The fourth alternative would result in several changes to the proposed project. It would relocate the proposed residences on Chapel Hill to lower elevations to reduce local ridgeline visual impacts. It would avoid removal of healthy Monterey pine that may contribute to overwintering habitat for monarch butterflies.

It would relocate some development to address slope stability and landslide hazards, widen Gilbert Drive and Hodges Drive to county standards, and construct a roundabout at the intersection of Seminary Drive, Ricardo Road and Vista Del Sol.

Alternative four would also require a minimum of 90 and a maximum of 100 dwellings to be reserved to serve the university student population onsite and include a new onsite gym that would be exclusively available for use by university students and faculty.

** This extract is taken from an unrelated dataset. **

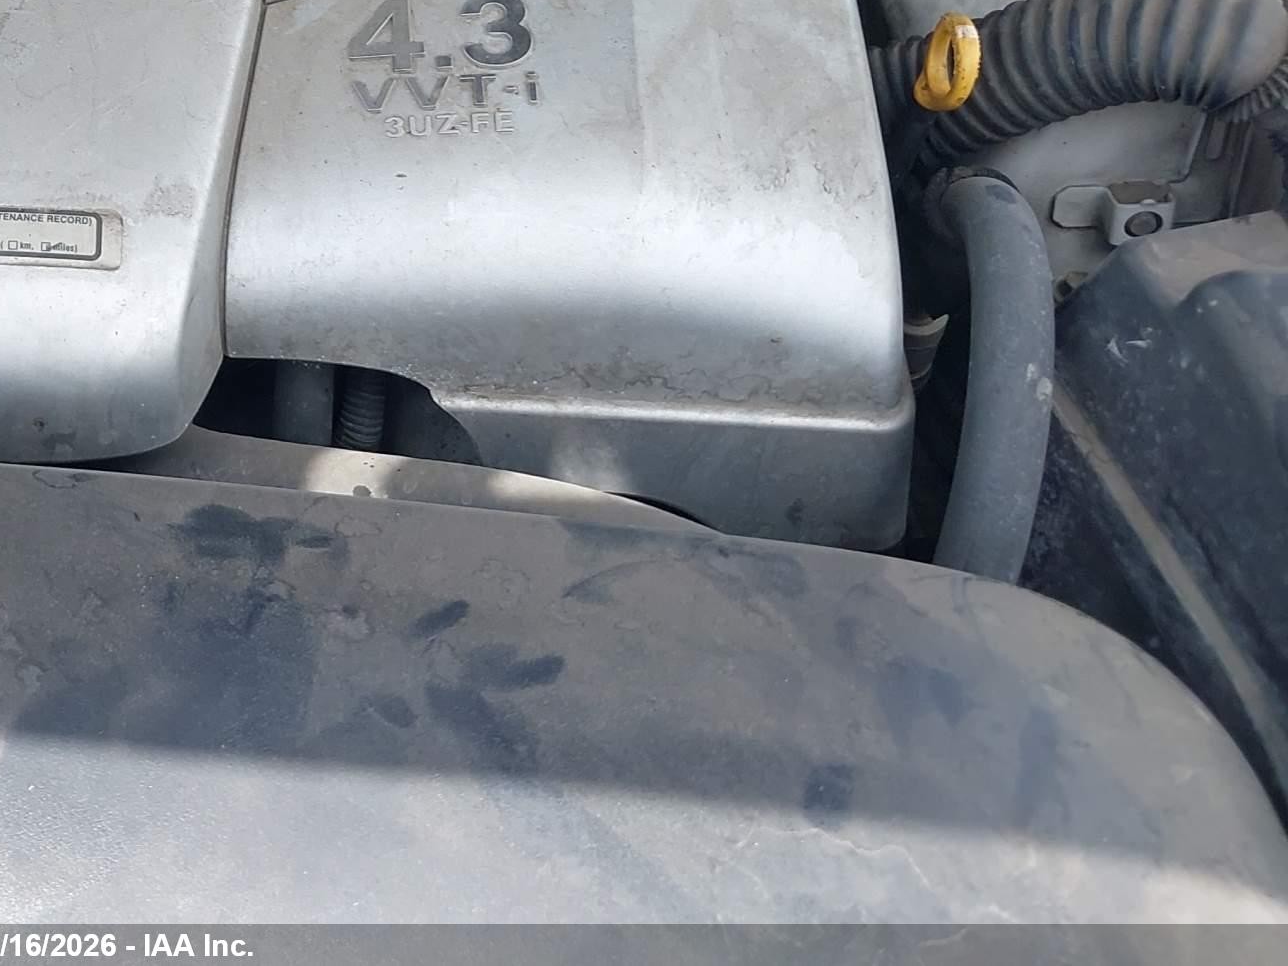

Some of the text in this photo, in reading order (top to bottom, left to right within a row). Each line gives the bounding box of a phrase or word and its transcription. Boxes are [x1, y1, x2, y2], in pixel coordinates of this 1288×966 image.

[352, 71, 542, 114] VVT-i
[384, 110, 515, 138] 3UZ-FE
[46, 214, 93, 227] RECORD)

The EIR identifies alternative one, the no-project alternative, as the environmentally superior alternative. It dismisses it, however, because it would fail to meet most of the project objectives. Under state law when the no-project alternative is environmentally superior, an EIR must select a next best choice.

The EIR states that alternative four, which most closely resembles the development proposal, is next best.

“Although the majority of environmental impacts would be similar to those of the proposed project, and no significant and unavoidable impacts would be completely rendered less than significant, the proposed modified development plan would reduce potentially significant impacts related to visual resources, biological resources, slope stability and landslide hazards, and safety hazards and emergency access,” the report says.

According to the EIR, alternative three, which would follow the Strawberry Community Plan, would violate state density bonus law, because it would limit density to 2.1 dwellings per acre.

Among the other alternatives that the EIR considered but didn’t evaluate in detail was a proposal generated in 2019 by a community working group in consultation with North Coast.

This alternative would have reduced the base zoning of the site from 2.47 dwellings per acre to 2.31 dwellings per acre, allowing up to 234 total residences, including 47 affordable residences. The proposal included a residential care center, open space areas, public trails, a fitness center for onsite residents and the Strawberry community, and day care with a maximum enrollment of 60 students. It also assumed university enrollment would increase up to 1,000 students.

The EIR, however, stated that this alternative was infeasible because it also would violate state density law as well as Senate Bill 330, which prohibits local jurisdictions from limiting housing development through downzoning.

The public has until Sept. 16 to submit comments on the EIR. The Marin County Planning Commission will host a public hearing on the document on Sept. 9.